Nasional Mondial Ekonomi Megapolitan Olahraga Rona The Alun-Alun Kupas Splash Wisata Perspektif Wawancara Edisi Weekend Foto Video Infografis

Film "After" Mengundang Kontroversi

Foto : Istimewa
A   A   A   Pengaturan Font

Baru dirilis 16 April lalu di berbagai bioskop di Indonesia, film After sudah mengundang kontroversi. Berbagai sorotan muncul, terutama karena adanya adegan yang dianggap terlalu vulgar.

Sekretaris Umum PP Muhammadiyah, Abdul Mu'thi mengatakan film After menggambarkan kehidupan remaja dan pergaulan bergaya masyarakat sekuler. "Banyak dialog dan adegan yang tidak sesuai dengan budaya dan masyarakat Indonesia yang relijius," katanya di Jakarta, Kamis (19/4).

Menurut Mu'thi, film ini bisa mempengaruhi pola pikir dan pergaulan remaja yang cenderung bebas dan mengabaikan nilai-nilai dan norma luhur budaya bangsa Indonesia. "Kalau pun mau tayang, film After harus dilakukan editing dan sensor yang ketat," kata dia.

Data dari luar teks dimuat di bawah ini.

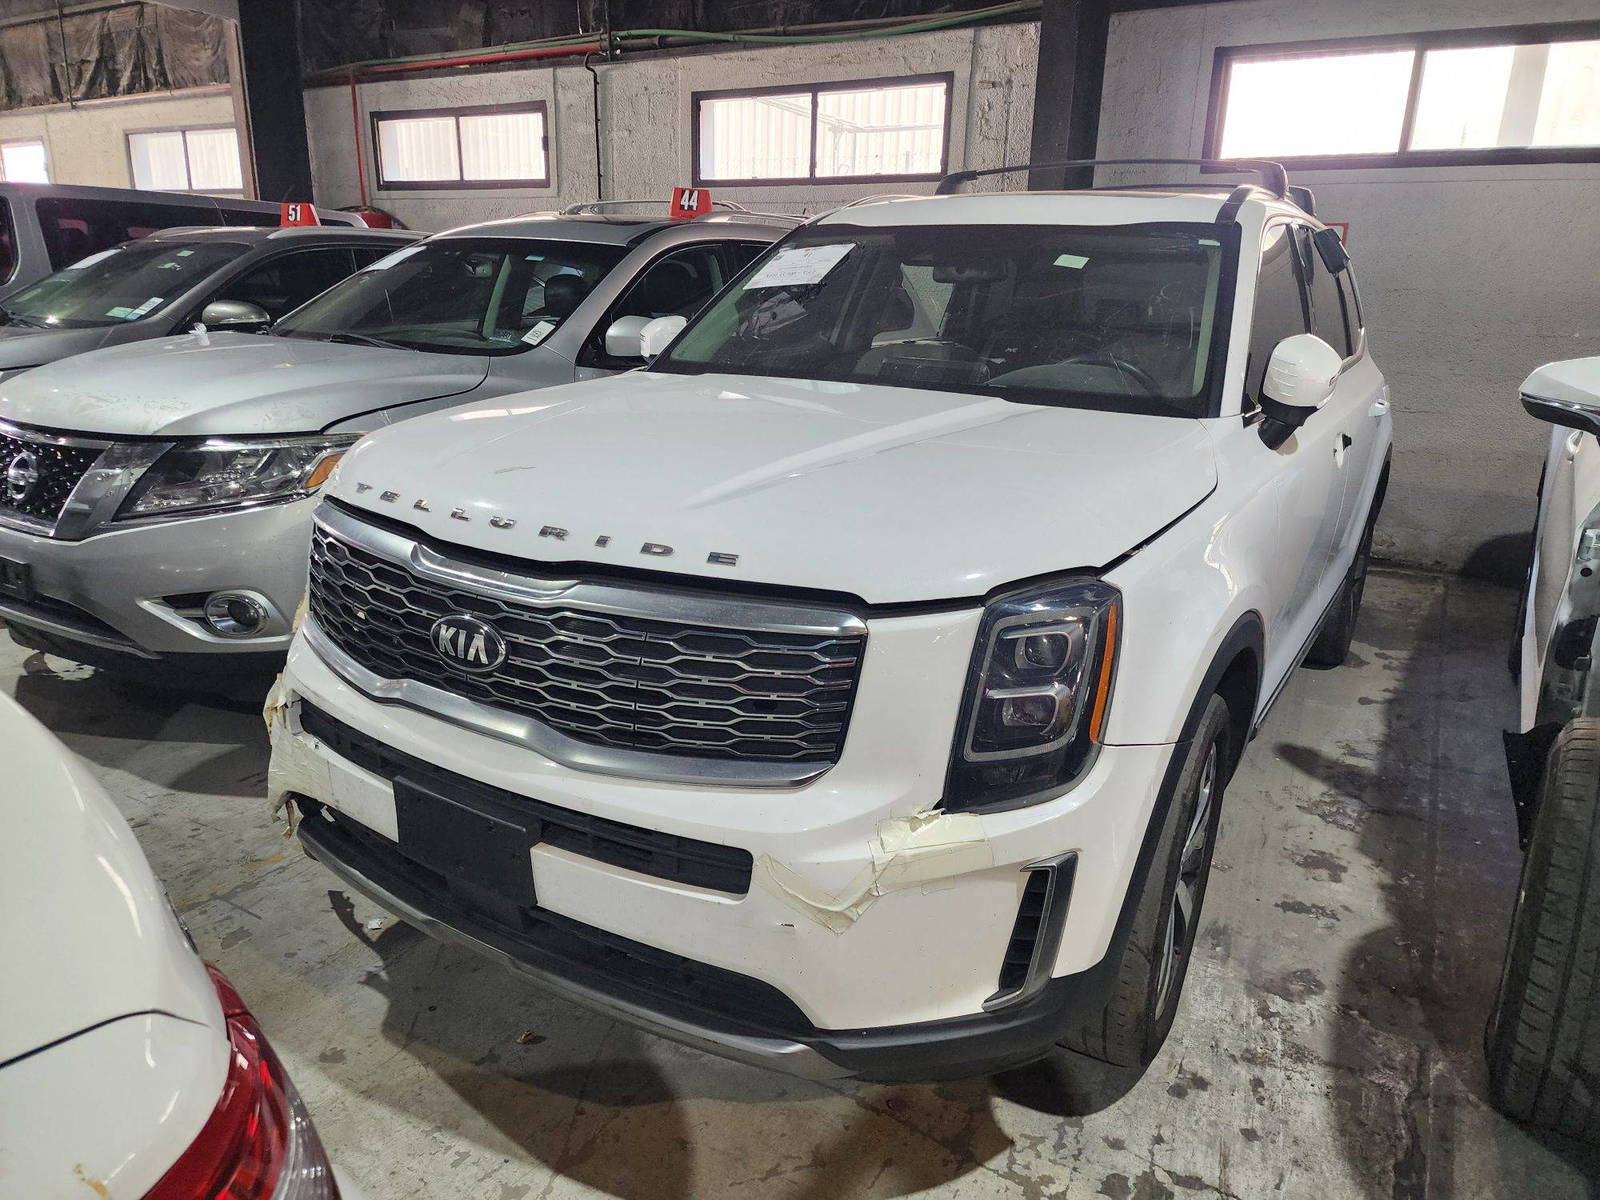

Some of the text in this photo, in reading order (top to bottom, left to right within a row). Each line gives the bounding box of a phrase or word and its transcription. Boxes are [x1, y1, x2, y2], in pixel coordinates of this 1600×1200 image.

[288, 204, 301, 221] 51
[681, 190, 698, 210] 44
[356, 482, 740, 567] TELLURIDE
[439, 624, 489, 664] KIA
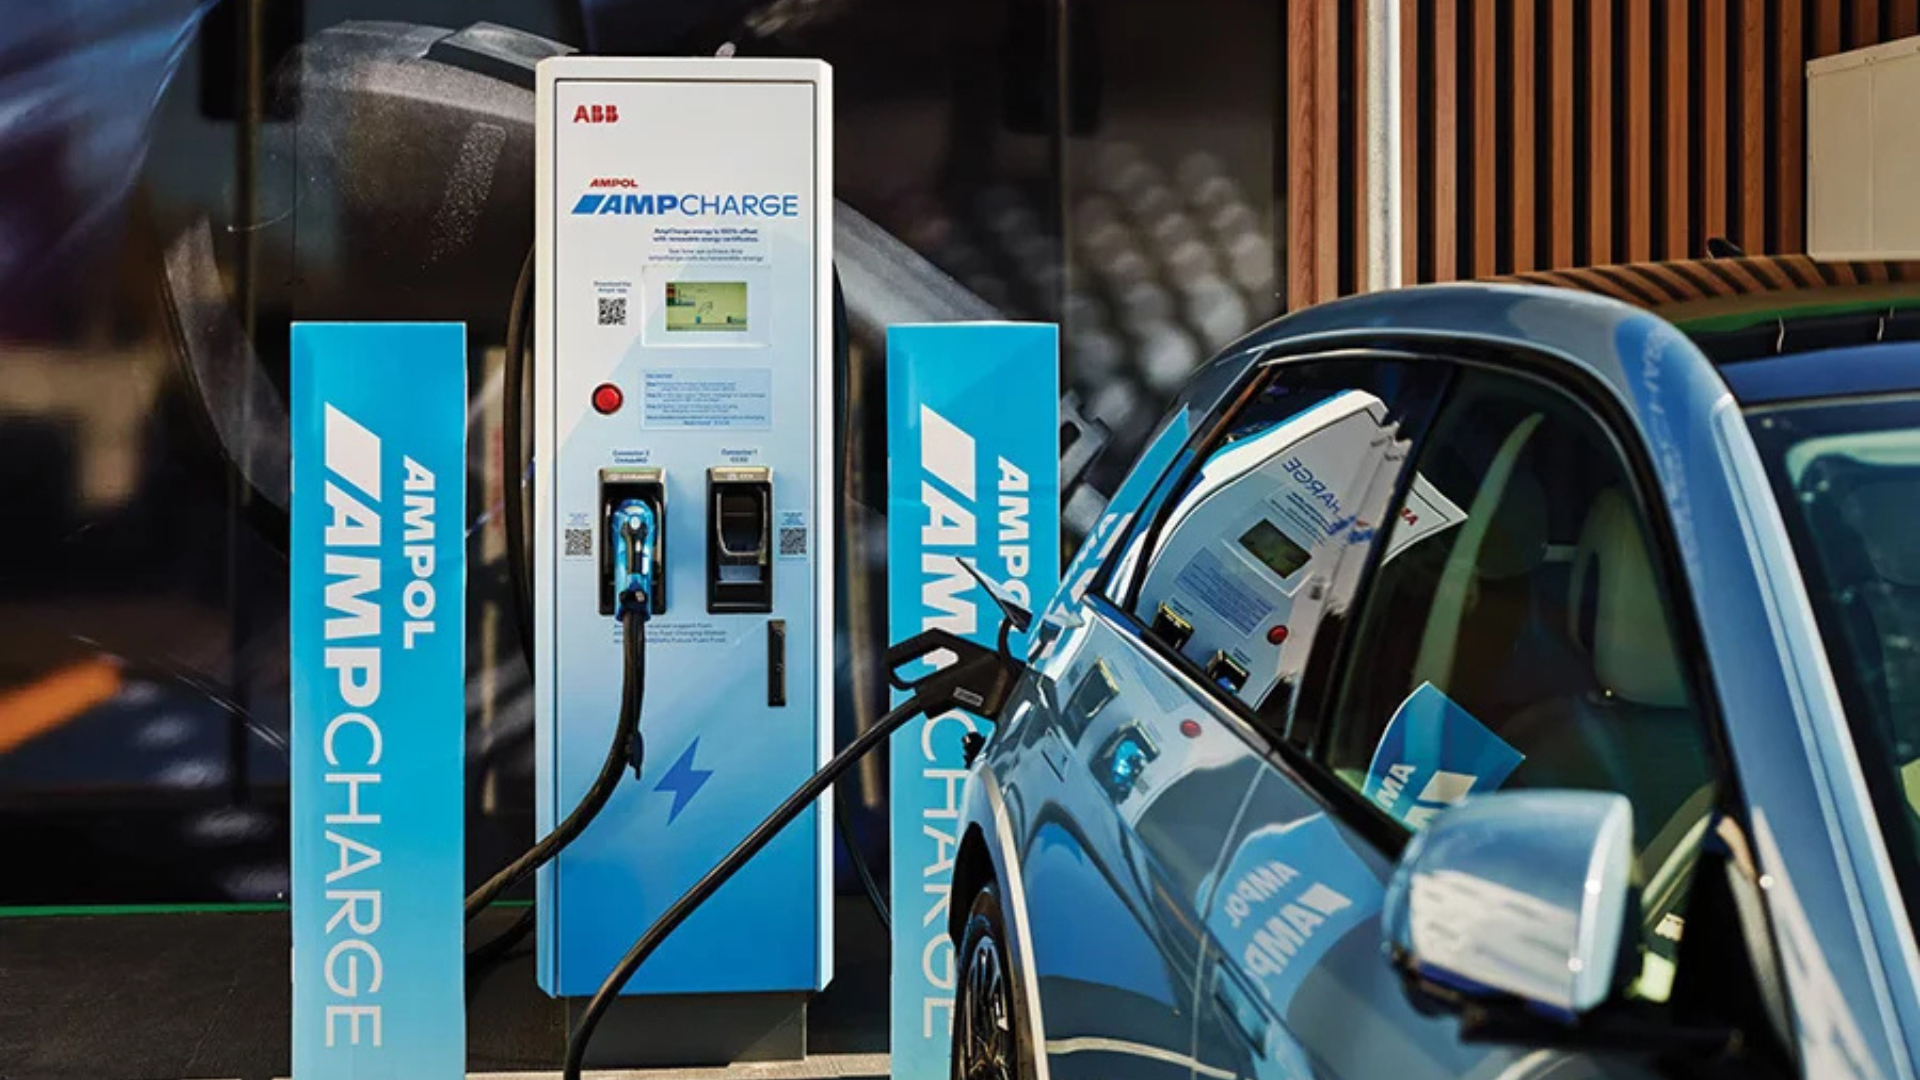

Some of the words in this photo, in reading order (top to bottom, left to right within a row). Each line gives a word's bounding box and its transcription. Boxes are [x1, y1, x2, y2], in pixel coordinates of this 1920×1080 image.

[573, 105, 619, 123] ABB
[589, 178, 638, 188] AMPOL
[599, 194, 799, 216] AMPCHARGE
[403, 454, 436, 650] AMPOL
[998, 455, 1030, 631] AMPO
[324, 480, 382, 1047] AMPCHARGE

Aktor yang juga pengacara, Gusti Randa tidak menampik bahwa After memang kontroversial. Terutama, dari sisi penggambaran yang tidak sesuai dengan budaya timur. Tetapi, justru di situlah sisi menariknya. Karena film ini menggambarkan budaya barat yang lebih terbuka, maka justru memancing penonton untuk ingin tahu.

Di sisi lain, Gusti memperkirakan bahwa masyarakat juga akan tertarik menyaksikan After karena dalam dunia film terdapat siklus, dimana masyarakat akan mengalami kejenuhan dengan genre film tertentu.

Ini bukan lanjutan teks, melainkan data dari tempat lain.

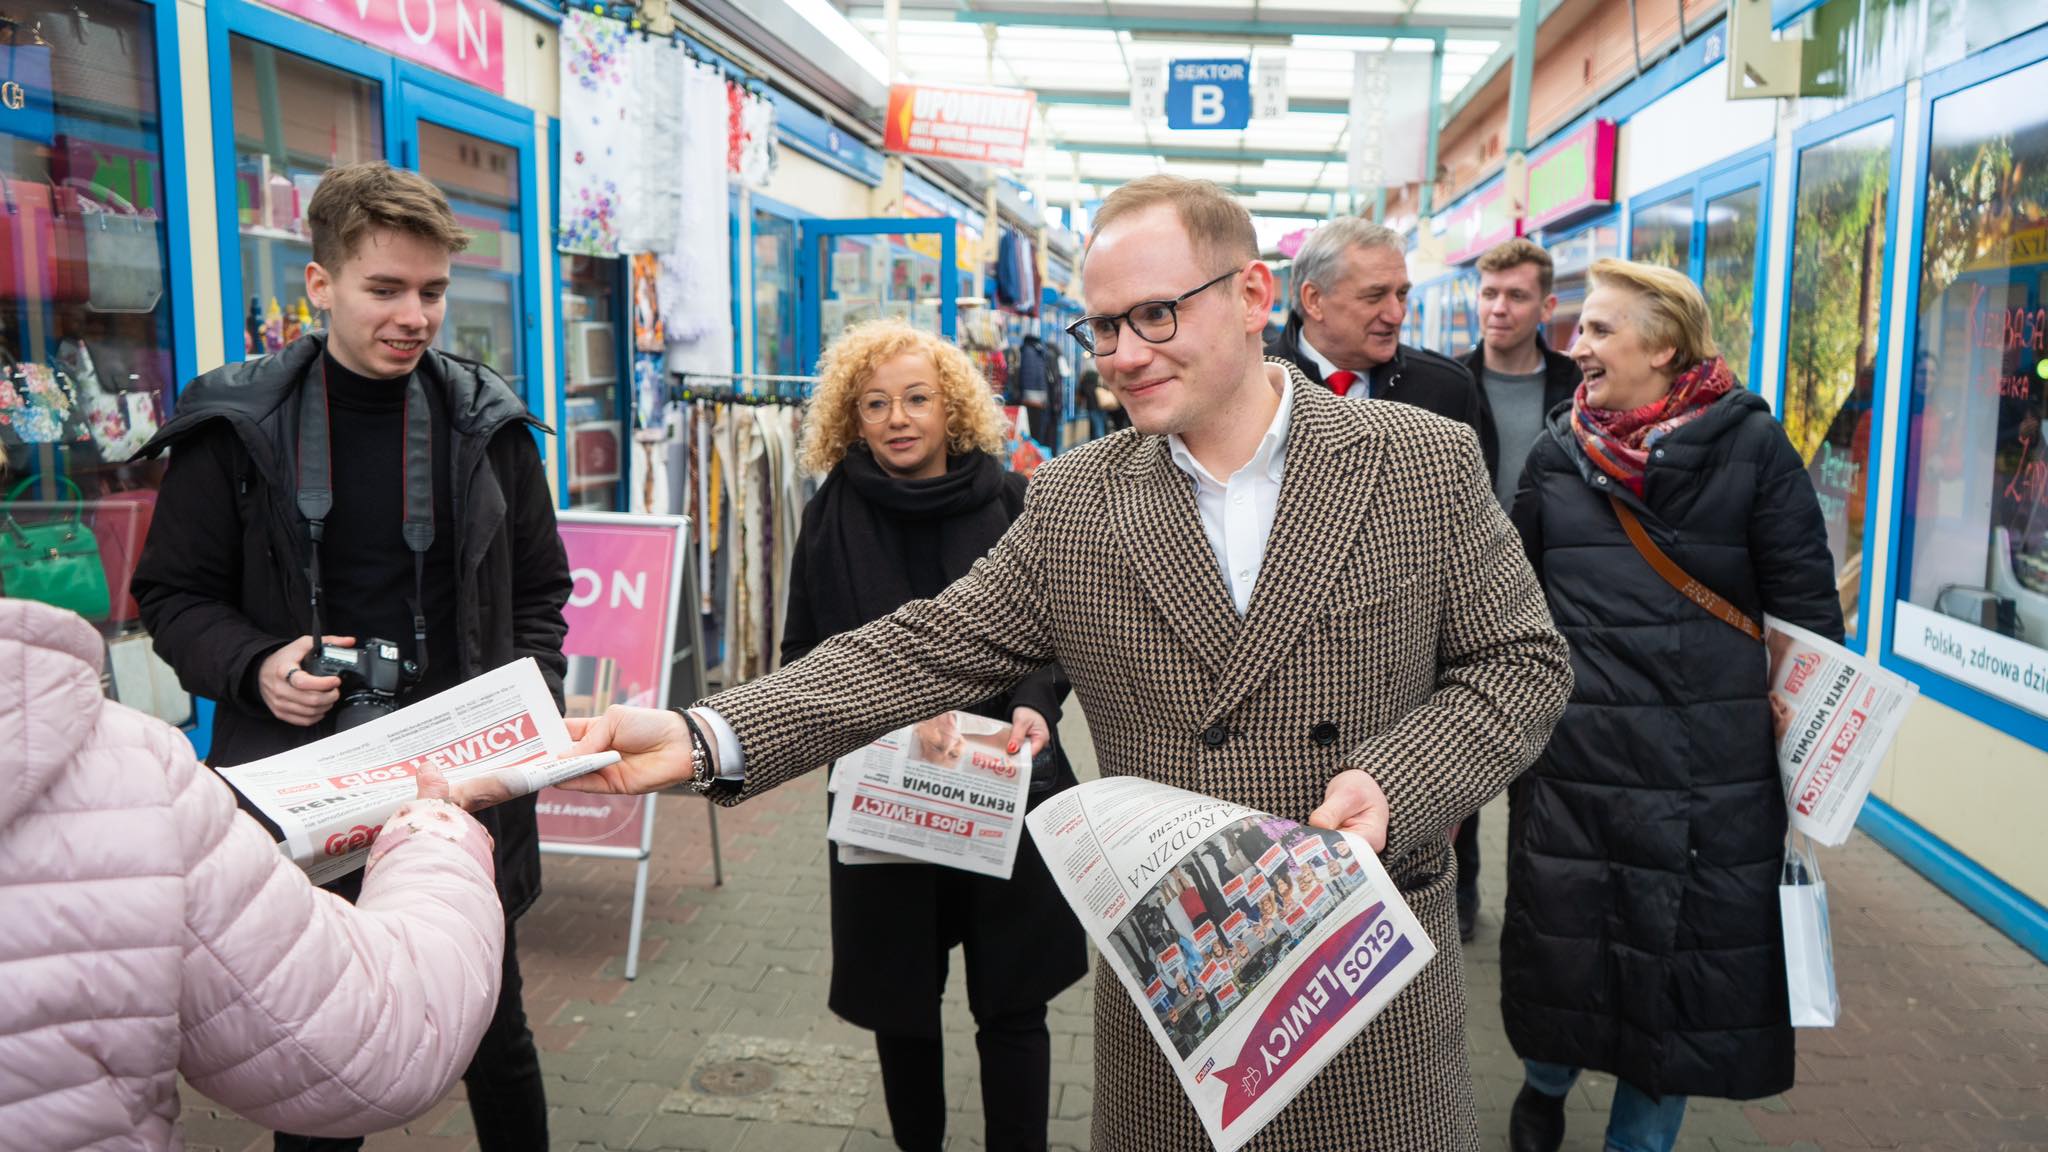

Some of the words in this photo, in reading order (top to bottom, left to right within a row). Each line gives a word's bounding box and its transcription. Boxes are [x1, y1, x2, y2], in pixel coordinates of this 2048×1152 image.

[1174, 64, 1245, 81] SEKTOR
[1190, 84, 1227, 125] B
[1924, 627, 1966, 668] Polska,
[1969, 645, 2020, 682] zdrowa
[1824, 664, 1856, 708] RENTA
[1790, 708, 1831, 765] WDOWIA
[902, 775, 965, 800] WDOWIA
[969, 792, 1016, 813] RENTA
[856, 797, 927, 825] LEWICY
[1127, 814, 1217, 889] RODZINA
[1343, 919, 1395, 984] GŁOS
[1259, 964, 1340, 1076] LEWICY

"Berarti ini akan masuk ke dalam musim film seks. Musim film dengan tema seperti itu akan lahir jika masyarakat sudah jenuh dengan film-film horor, komedi, dan drama," ujar dia.

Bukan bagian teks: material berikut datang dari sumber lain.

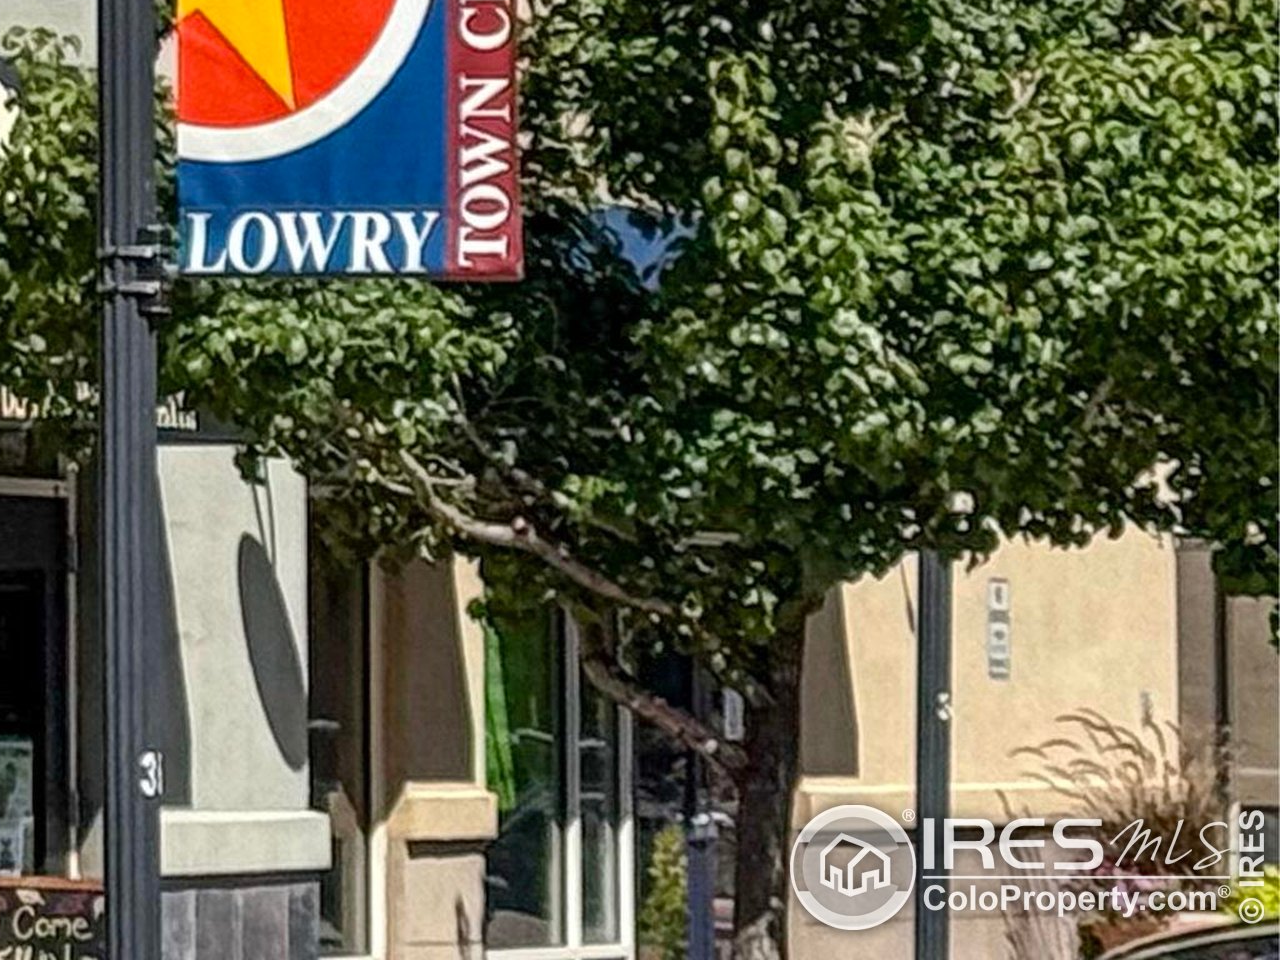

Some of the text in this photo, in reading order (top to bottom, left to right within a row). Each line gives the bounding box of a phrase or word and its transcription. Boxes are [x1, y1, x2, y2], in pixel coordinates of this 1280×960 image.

[459, 76, 512, 268] TOWN
[184, 211, 441, 275] LOWRY
[12, 904, 94, 940] Come

Respons berbeda ditunjukkan kalangan milenial, seperti Komunitas Anak Nonton. Mereka sangat menantikan film yang diangkat dari novel Wattpad karya Anna Todd ini. "Sangat enerjik sebagai film drama romantika remaja," kata Febri Sihombing dari Komunitas Anak Nonton.

Febri tidak menampik bahwa beberapa adegan antara Tessa Young (diperankan Josephine Langford) dan Hardin Scott (dimainkan Hero Fiennes Tiffin), bisa menjadi perbincangan. "Adegan dewasanya mungkin yang belum terlalu clear di film, apakah pas untuk konsumsi remaja Indonesia atau tidak. Tapi untuk pengganti The Twilight Saga, film ini sepertinya lebih berbobot dari segi cerita dan sinematografi," lanjut dia.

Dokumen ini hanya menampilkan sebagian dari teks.